→ Given information
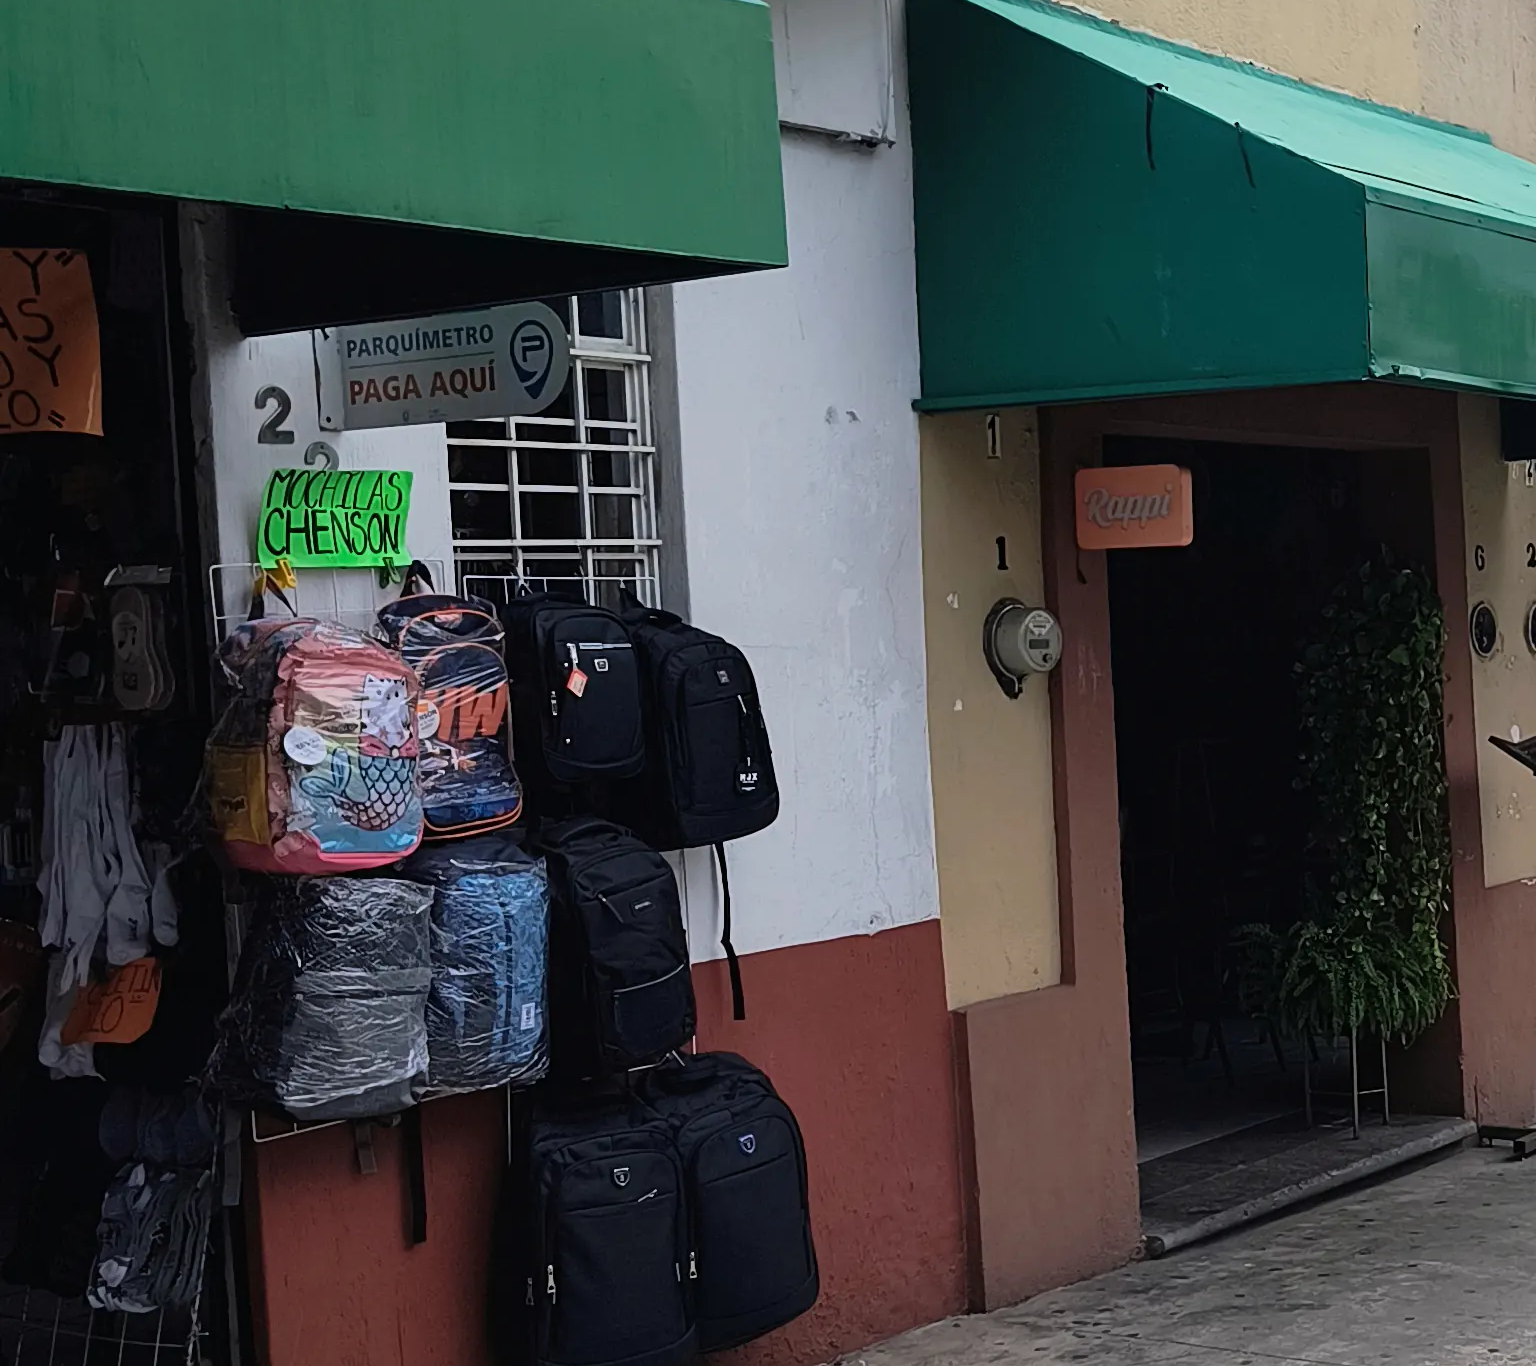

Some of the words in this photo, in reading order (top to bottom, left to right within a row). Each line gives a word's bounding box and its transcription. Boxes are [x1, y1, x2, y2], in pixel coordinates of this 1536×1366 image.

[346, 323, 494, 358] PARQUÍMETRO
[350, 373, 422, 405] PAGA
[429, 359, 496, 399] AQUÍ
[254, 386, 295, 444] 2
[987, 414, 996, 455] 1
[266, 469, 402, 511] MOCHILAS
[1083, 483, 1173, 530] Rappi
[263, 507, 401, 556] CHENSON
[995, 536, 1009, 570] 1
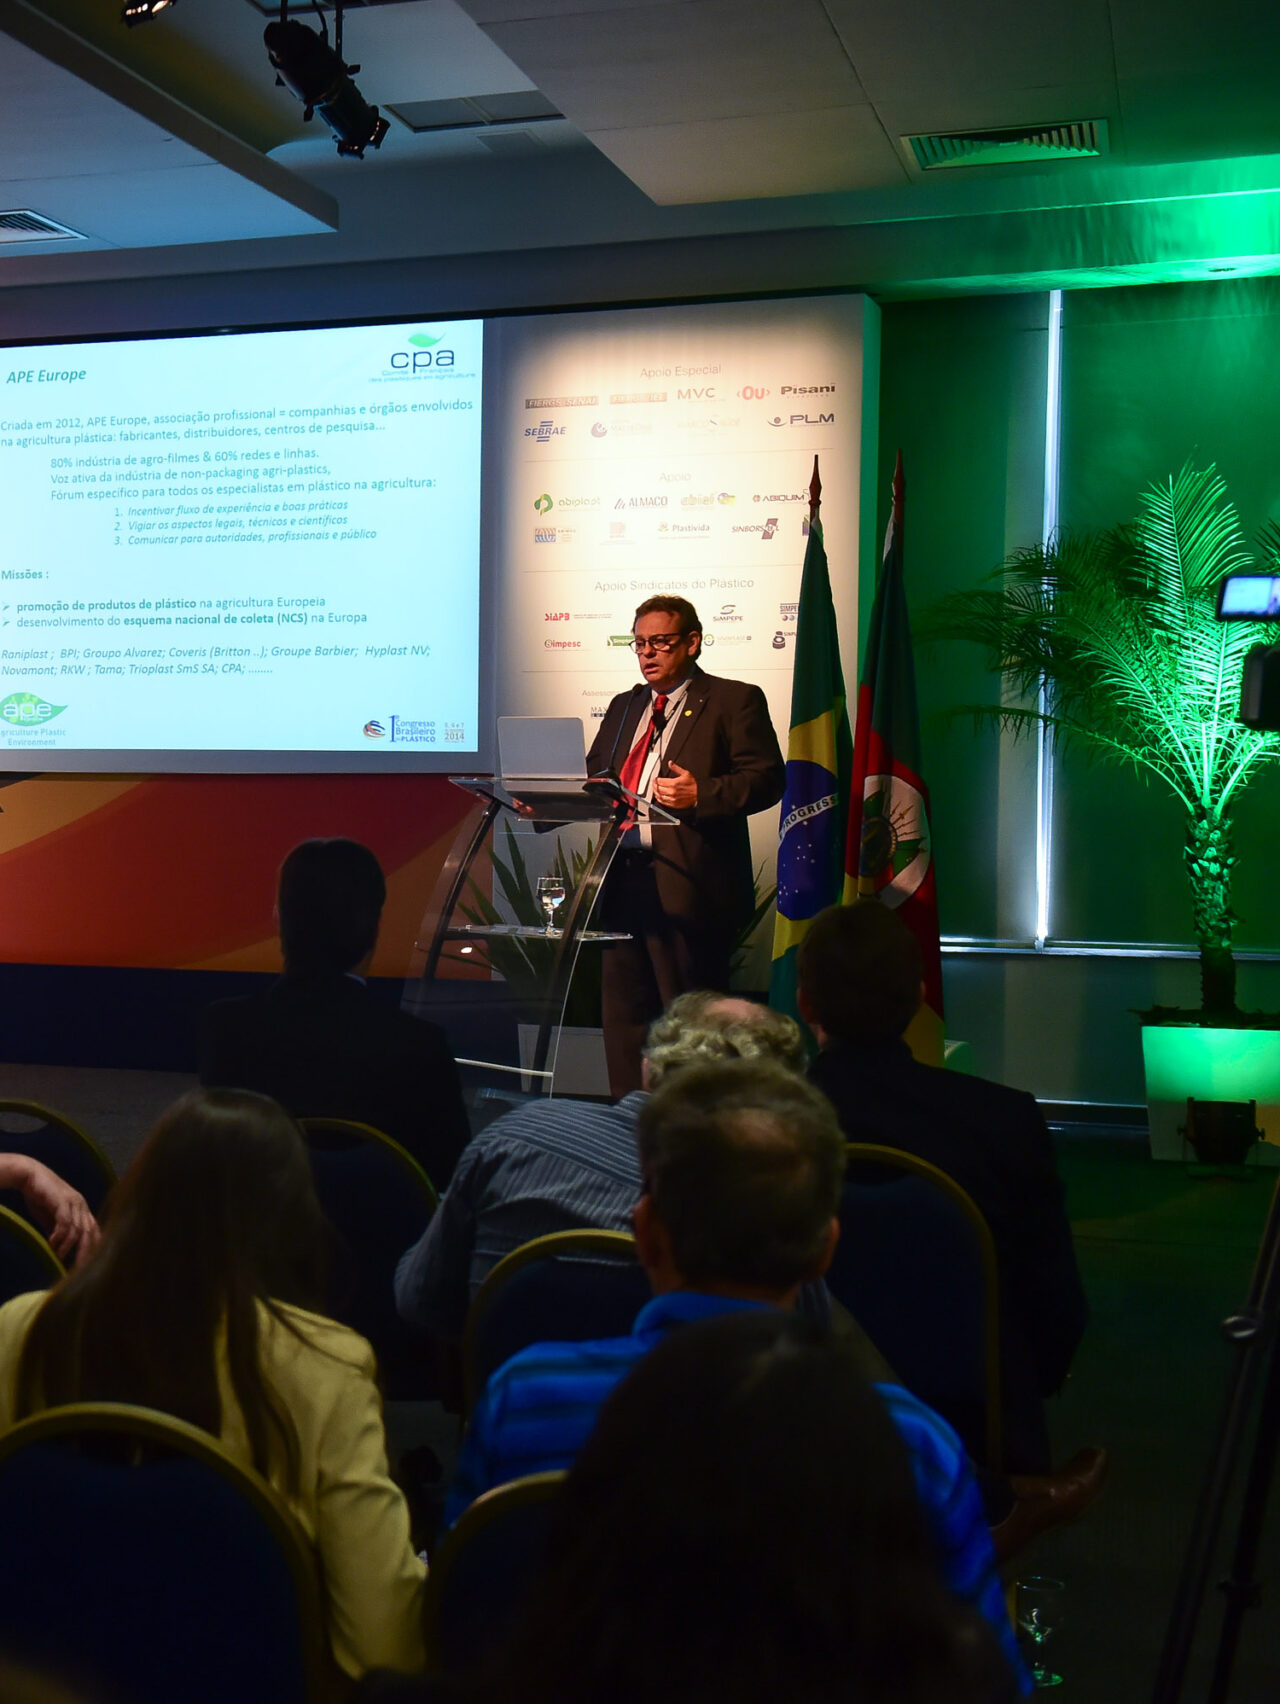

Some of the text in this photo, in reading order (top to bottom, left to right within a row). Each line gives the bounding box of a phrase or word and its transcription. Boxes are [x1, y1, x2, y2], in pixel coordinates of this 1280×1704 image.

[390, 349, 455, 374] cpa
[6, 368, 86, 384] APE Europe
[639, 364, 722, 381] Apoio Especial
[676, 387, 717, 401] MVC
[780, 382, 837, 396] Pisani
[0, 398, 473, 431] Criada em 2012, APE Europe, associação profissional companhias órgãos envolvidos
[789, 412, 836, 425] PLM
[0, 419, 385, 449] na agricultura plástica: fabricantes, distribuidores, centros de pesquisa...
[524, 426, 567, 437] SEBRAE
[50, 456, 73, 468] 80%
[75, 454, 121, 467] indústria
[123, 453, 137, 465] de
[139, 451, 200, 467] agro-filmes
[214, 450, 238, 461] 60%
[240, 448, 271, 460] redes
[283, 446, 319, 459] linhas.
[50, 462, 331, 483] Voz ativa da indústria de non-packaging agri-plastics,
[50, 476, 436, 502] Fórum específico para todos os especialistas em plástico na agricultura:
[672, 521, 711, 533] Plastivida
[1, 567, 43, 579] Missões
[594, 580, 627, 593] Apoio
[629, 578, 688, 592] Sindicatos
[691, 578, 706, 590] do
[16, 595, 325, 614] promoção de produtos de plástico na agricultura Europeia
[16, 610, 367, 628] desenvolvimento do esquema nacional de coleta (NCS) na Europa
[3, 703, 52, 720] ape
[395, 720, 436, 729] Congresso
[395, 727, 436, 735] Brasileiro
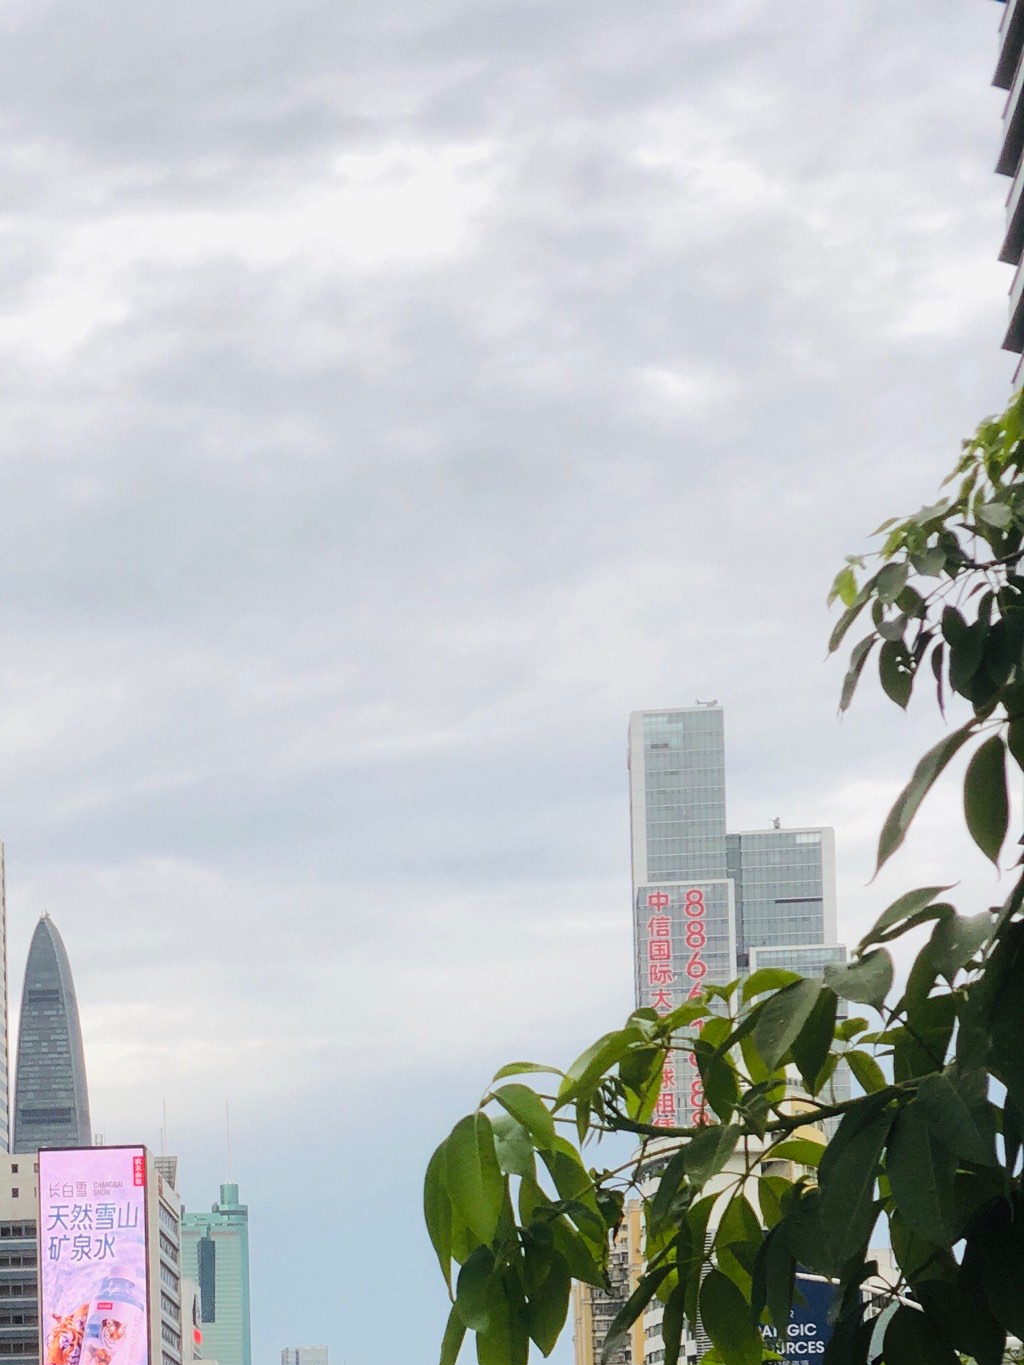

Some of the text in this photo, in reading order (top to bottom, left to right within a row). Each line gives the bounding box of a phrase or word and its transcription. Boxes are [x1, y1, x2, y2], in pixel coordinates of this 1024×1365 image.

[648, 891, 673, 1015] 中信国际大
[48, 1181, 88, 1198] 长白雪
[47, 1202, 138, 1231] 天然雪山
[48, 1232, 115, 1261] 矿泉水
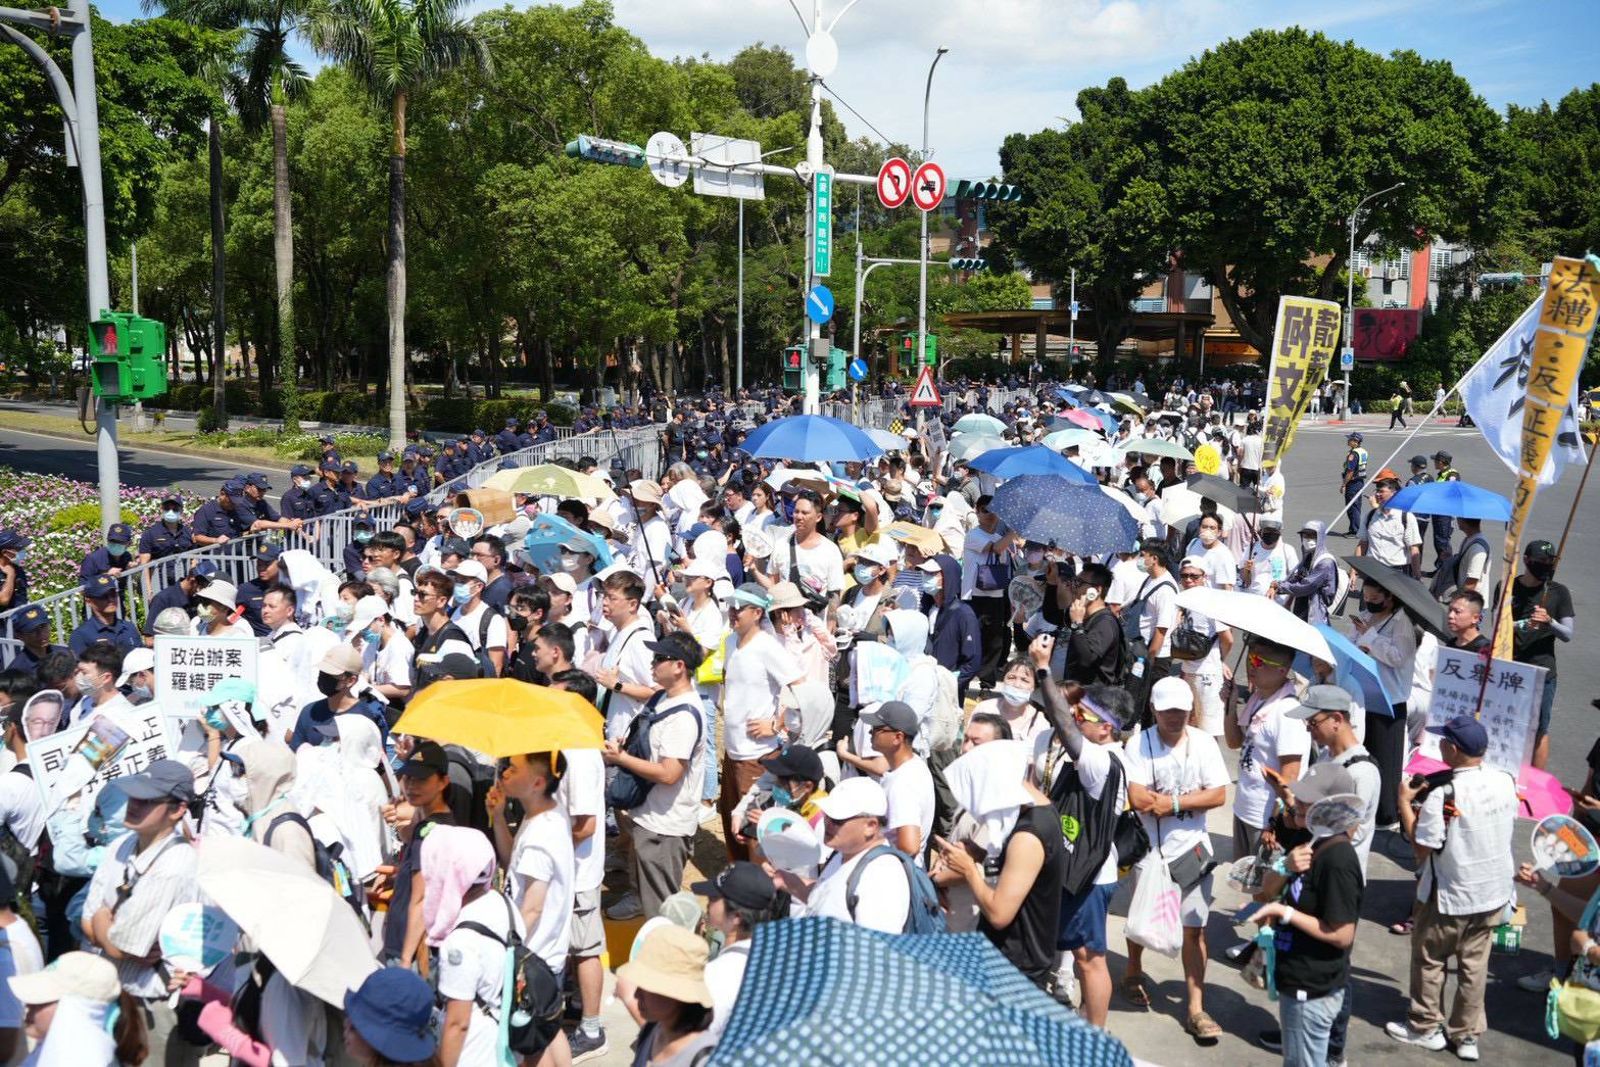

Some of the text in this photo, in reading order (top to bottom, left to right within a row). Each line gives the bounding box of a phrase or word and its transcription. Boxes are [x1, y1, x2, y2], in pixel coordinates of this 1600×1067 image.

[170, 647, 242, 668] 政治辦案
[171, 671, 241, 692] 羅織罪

→ The problem
Everything in the material goes into the copy exactly, except the images.

→ Reply
Some of the words in this photo, in reading order (top to bottom, left to right within a row). Each line gives a word's bounding box and its transcription. Boxes are [x1, y1, x2, y2], in pixel coordinates of this 1536×1366 image.

[346, 323, 494, 358] PARQUÍMETRO
[350, 373, 422, 405] PAGA
[429, 359, 496, 399] AQUÍ
[254, 386, 295, 444] 2
[987, 414, 996, 455] 1
[266, 469, 402, 511] MOCHILAS
[1083, 483, 1173, 530] Rappi
[263, 507, 401, 556] CHENSON
[995, 536, 1009, 570] 1

Some of the text in this photo, in reading order (top to bottom, left to right within a row). Each line gives the bounding box of a phrase or word and its transcription. Boxes are [x1, y1, x2, y2], in pixel coordinates of this 1280×1704 image.

[390, 349, 455, 374] cpa
[6, 368, 86, 384] APE Europe
[639, 364, 722, 381] Apoio Especial
[676, 387, 717, 401] MVC
[780, 382, 837, 396] Pisani
[0, 398, 473, 431] Criada em 2012, APE Europe, associação profissional companhias órgãos envolvidos
[789, 412, 836, 425] PLM
[0, 419, 385, 449] na agricultura plástica: fabricantes, distribuidores, centros de pesquisa...
[524, 426, 567, 437] SEBRAE
[50, 456, 73, 468] 80%
[75, 454, 121, 467] indústria
[123, 453, 137, 465] de
[139, 451, 200, 467] agro-filmes
[214, 450, 238, 461] 60%
[240, 448, 271, 460] redes
[283, 446, 319, 459] linhas.
[50, 462, 331, 483] Voz ativa da indústria de non-packaging agri-plastics,
[50, 476, 436, 502] Fórum específico para todos os especialistas em plástico na agricultura:
[672, 521, 711, 533] Plastivida
[1, 567, 43, 579] Missões
[594, 580, 627, 593] Apoio
[629, 578, 688, 592] Sindicatos
[691, 578, 706, 590] do
[16, 595, 325, 614] promoção de produtos de plástico na agricultura Europeia
[16, 610, 367, 628] desenvolvimento do esquema nacional de coleta (NCS) na Europa
[3, 703, 52, 720] ape
[395, 720, 436, 729] Congresso
[395, 727, 436, 735] Brasileiro

Some of the text in this photo, in reading order (top to bottom, left to right within a row). Each line gives the bounding box of a phrase or word and its transcription. Boxes are [x1, y1, x2, y2], in pixel coordinates of this 1024×1365 image.

[648, 891, 673, 1015] 中信国际大
[48, 1181, 88, 1198] 长白雪
[47, 1202, 138, 1231] 天然雪山
[48, 1232, 115, 1261] 矿泉水

Some of the text in this photo, in reading order (top to bottom, left to right within a row). Each line gives the bounding box of a phrase or word and its transcription. Boxes are [x1, y1, x2, y2], in pixel coordinates of this 1600×1067 image.

[170, 647, 242, 668] 政治辦案
[171, 671, 241, 692] 羅織罪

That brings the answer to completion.